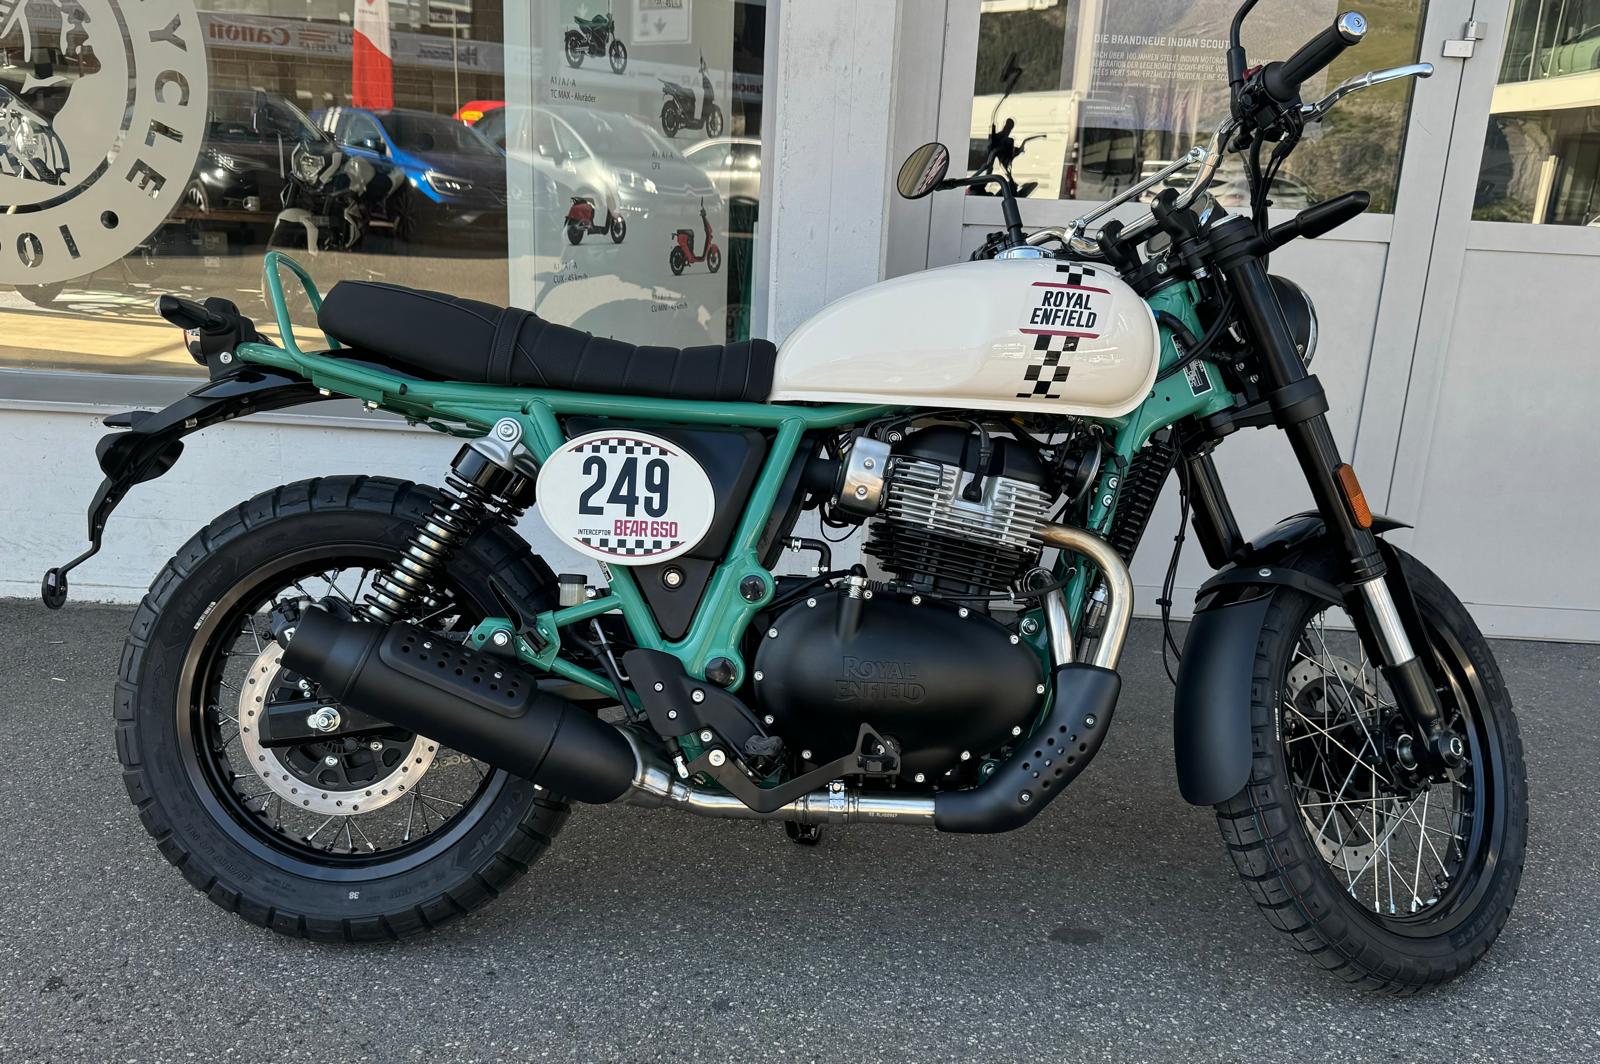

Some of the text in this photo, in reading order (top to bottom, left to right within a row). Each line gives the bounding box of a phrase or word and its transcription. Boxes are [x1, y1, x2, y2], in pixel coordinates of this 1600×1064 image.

[1094, 33, 1110, 44] DIE
[1111, 34, 1167, 47] BRANDNEUE
[1168, 36, 1199, 48] INDIAN
[125, 0, 190, 198] YCLE
[1041, 290, 1092, 310] ROYAL
[1029, 307, 1097, 329] ENFIELD
[578, 455, 670, 518] 249
[577, 519, 679, 539] INTERCEPTOR BEAR 650
[842, 655, 919, 681] ROYAL
[834, 679, 926, 704] ENFIELD
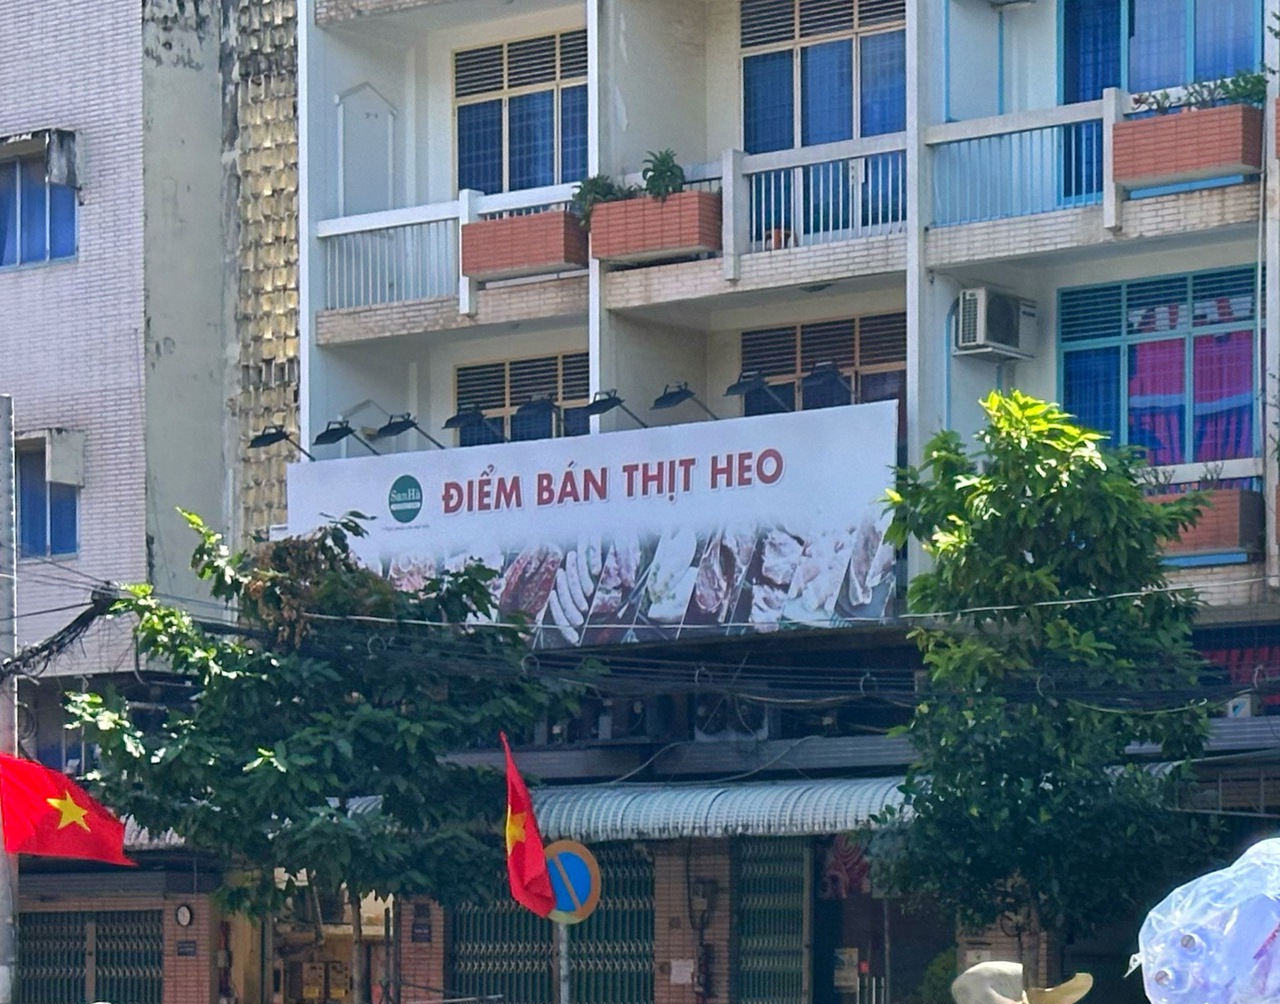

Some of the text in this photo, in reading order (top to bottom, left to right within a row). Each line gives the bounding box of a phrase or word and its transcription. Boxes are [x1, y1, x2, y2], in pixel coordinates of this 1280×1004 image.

[442, 448, 785, 515] ĐIỂM BÁN THỊT HEO
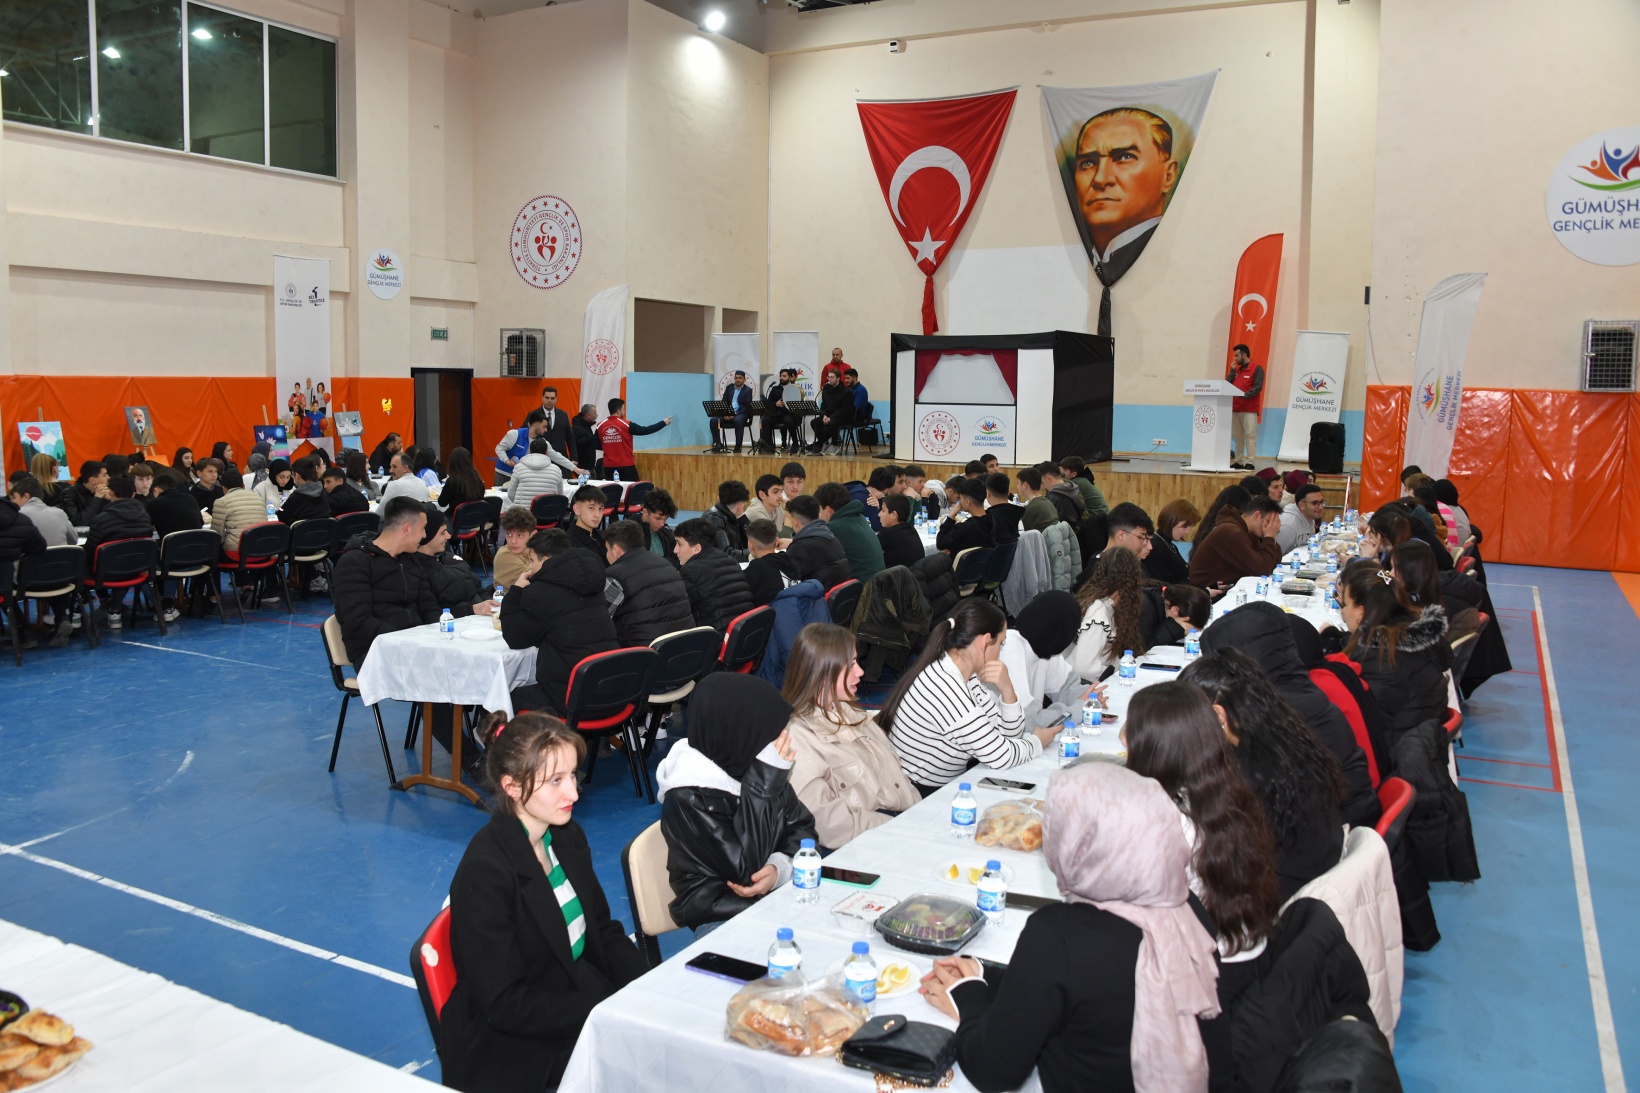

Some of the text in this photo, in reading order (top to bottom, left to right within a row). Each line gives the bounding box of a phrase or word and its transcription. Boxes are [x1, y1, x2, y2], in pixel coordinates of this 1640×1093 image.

[1562, 196, 1640, 216] GÜMÜŞH
[1553, 216, 1615, 233] GENÇLİK
[369, 272, 399, 281] GÜMÜŞHANE
[1295, 395, 1335, 406] GÜMÜŞHANE
[1437, 375, 1454, 423] GÜMÜŞHANE
[1291, 403, 1313, 411] GENÇLİK

*WHAT THE EXERCISE ASKS*
Transcribe every entry word for word, but skip the pictures.

*TASK RESULT*
Some of the text in this photo, in reading order (top to bottom, left to right within a row). Each line gives the bounding box of a phrase or word and its transcription. Boxes are [x1, y1, x2, y2], in pixel coordinates of this 1600×1064 image.

[1094, 33, 1110, 44] DIE
[1111, 34, 1167, 47] BRANDNEUE
[1168, 36, 1199, 48] INDIAN
[125, 0, 190, 198] YCLE
[1041, 290, 1092, 310] ROYAL
[1029, 307, 1097, 329] ENFIELD
[578, 455, 670, 518] 249
[577, 519, 679, 539] INTERCEPTOR BEAR 650
[842, 655, 919, 681] ROYAL
[834, 679, 926, 704] ENFIELD

Some of the text in this photo, in reading order (top to bottom, left to right within a row). Each line gives the bounding box of a phrase or word and its transcription. Boxes are [x1, y1, x2, y2], in pixel coordinates of this 1280×1004 image.

[442, 448, 785, 515] ĐIỂM BÁN THỊT HEO

Some of the text in this photo, in reading order (top to bottom, left to right within a row). Each line gives the bounding box of a phrase or word and its transcription. Boxes are [x1, y1, x2, y2], in pixel coordinates of this 1640×1093 image.

[1562, 196, 1640, 216] GÜMÜŞH
[1553, 216, 1615, 233] GENÇLİK
[369, 272, 399, 281] GÜMÜŞHANE
[1295, 395, 1335, 406] GÜMÜŞHANE
[1437, 375, 1454, 423] GÜMÜŞHANE
[1291, 403, 1313, 411] GENÇLİK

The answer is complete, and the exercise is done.